Marcos Roberto de Almeida, conhecido como Tuta e apontado como líder da facção criminosa Primeiro Comando da Capital (PCC), foi transferido de Brasília para o presídio de segurança máxima Presidente Venceslau II, no interior de São Paulo, na quarta-feira (15), em um esquema de segurança reforçado. A transferência foi coordenada pela Secretaria Nacional de Políticas Penais, com apoio da Polícia Penal Federal e da Polícia Rodoviária Federal.
Tuta havia sido preso em maio deste ano em Santa Cruz de La Sierra, na Bolívia, onde estava foragido há cinco anos, usando documentos falsos. No Brasil, ele possui duas prisões decretadas e já foi condenado por organização criminosa, com pena de 12 anos e seis meses, além de responder a outro processo por lavagem de dinheiro e liderança de facção. Considerado substituto de Marcola, atual chefe do PCC preso no sistema federal, Tuta era responsável por comandar a organização criminosa fora dos presídios e manter a rede de tráfico de drogas e movimentação financeira da facção.
A transferência havia sido autorizada pelo Tribunal de Justiça de SP em agosto e atendida pelo Ministério Público paulista, que recomendou o envio do detento para uma unidade de segurança máxima estadual, devido à sua periculosidade.
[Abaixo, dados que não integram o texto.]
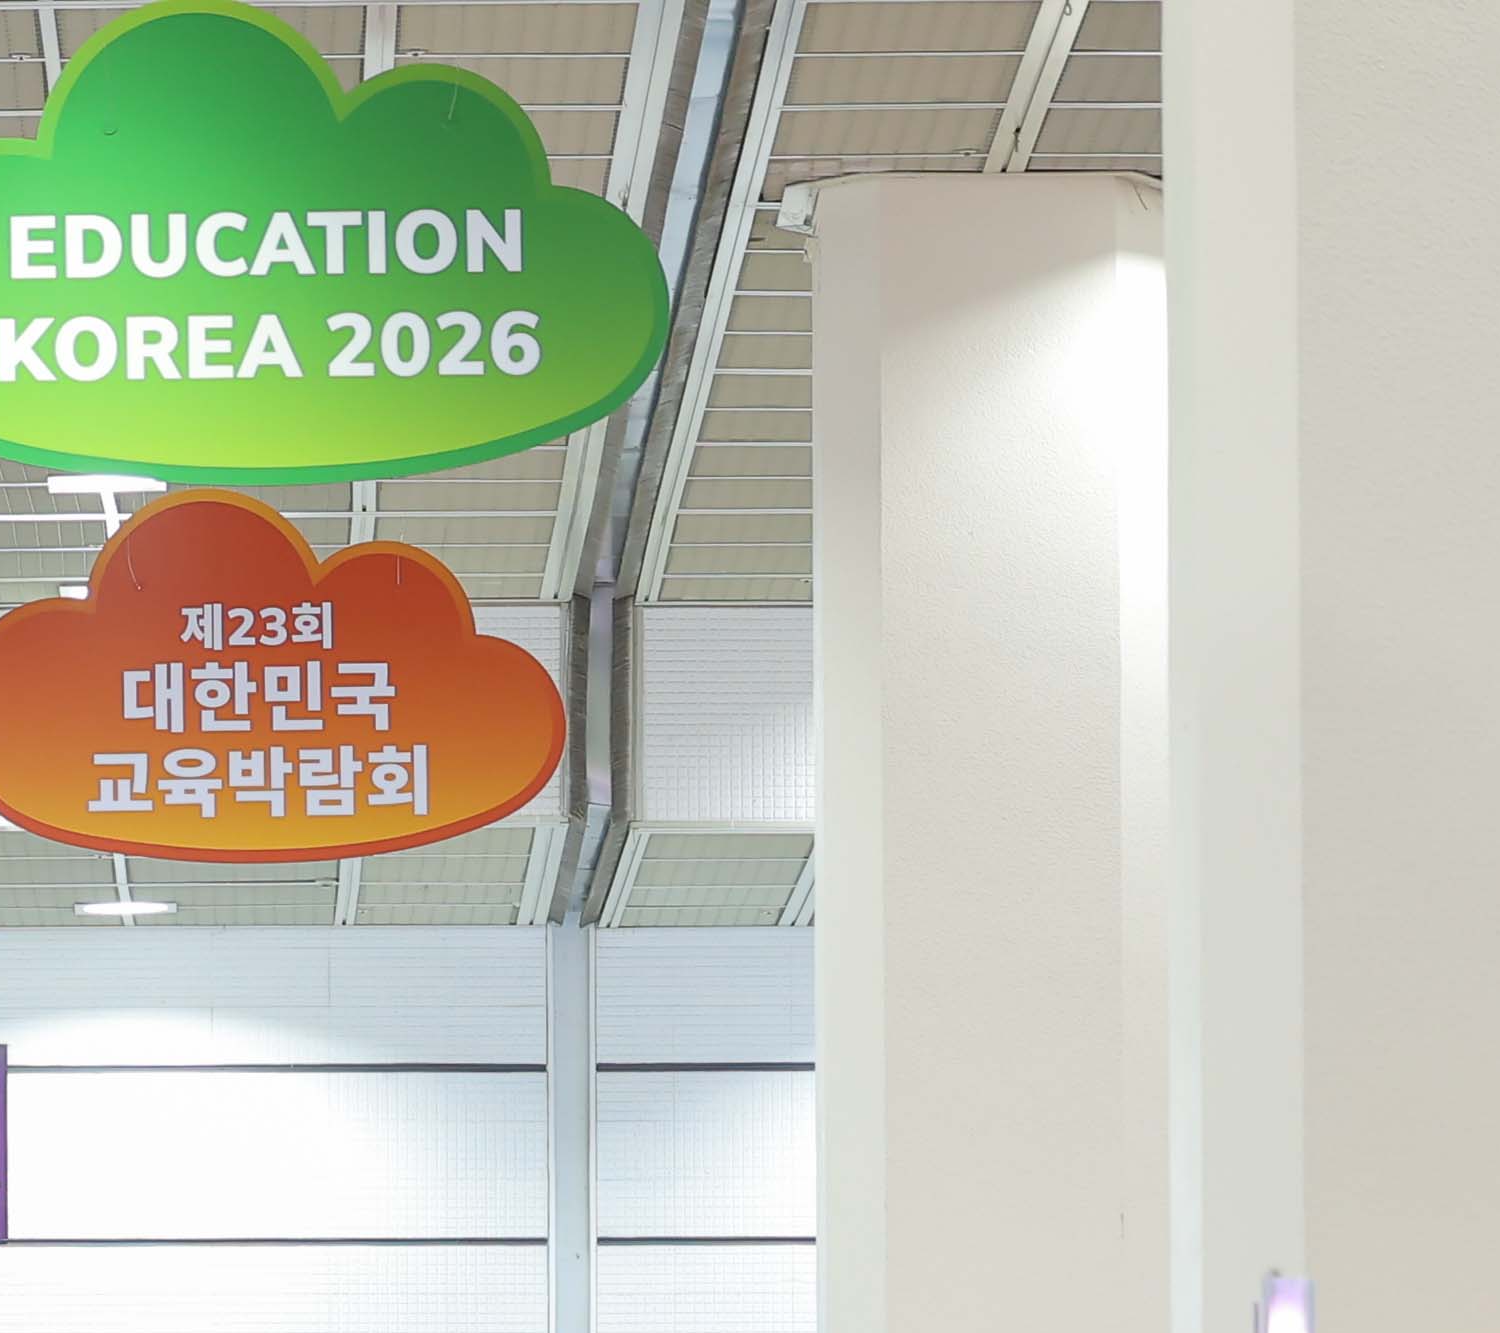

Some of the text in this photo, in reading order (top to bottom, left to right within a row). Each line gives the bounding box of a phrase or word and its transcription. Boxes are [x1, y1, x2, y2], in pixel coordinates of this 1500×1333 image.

A Penitenciária de Presidente Venceslau concentra atualmente líderes do PCC antes de decisões sobre remanejamento ao sistema federal.
Histórico do criminoso indica participação na chamada Sintonia Final da Rua, cúpula da facção formada após a primeira fase da Operação Sharks, deflagrada em 2020. A operação visava a nova liderança da facção, com atuação no Brasil, Bolívia, Paraguai e África. Na época, Tuta assumiu o comando após a transferência de Marcola para presídio federal. A facção movimentava cerca de R$ 100 milhões por ano, segundo investigações, com atividades ligadas a tráfico de drogas, extorsões e lavagem de dinheiro, usando veículos e imóveis para ocultar valores.
A prisão do líder na Bolívia envolveu a Fuerza Especial de Lucha contra el Crimen, que o deteve com documentos falsos. Um major da polícia boliviana também foi preso por suspeita de protegê-lo. A Interpol havia emitido alerta internacional para sua captura, e sua transferência ao Brasil seguiu todos os trâmites legais, garantindo que Tuta fosse levado sob máxima segurança ao sistema prisional paulista.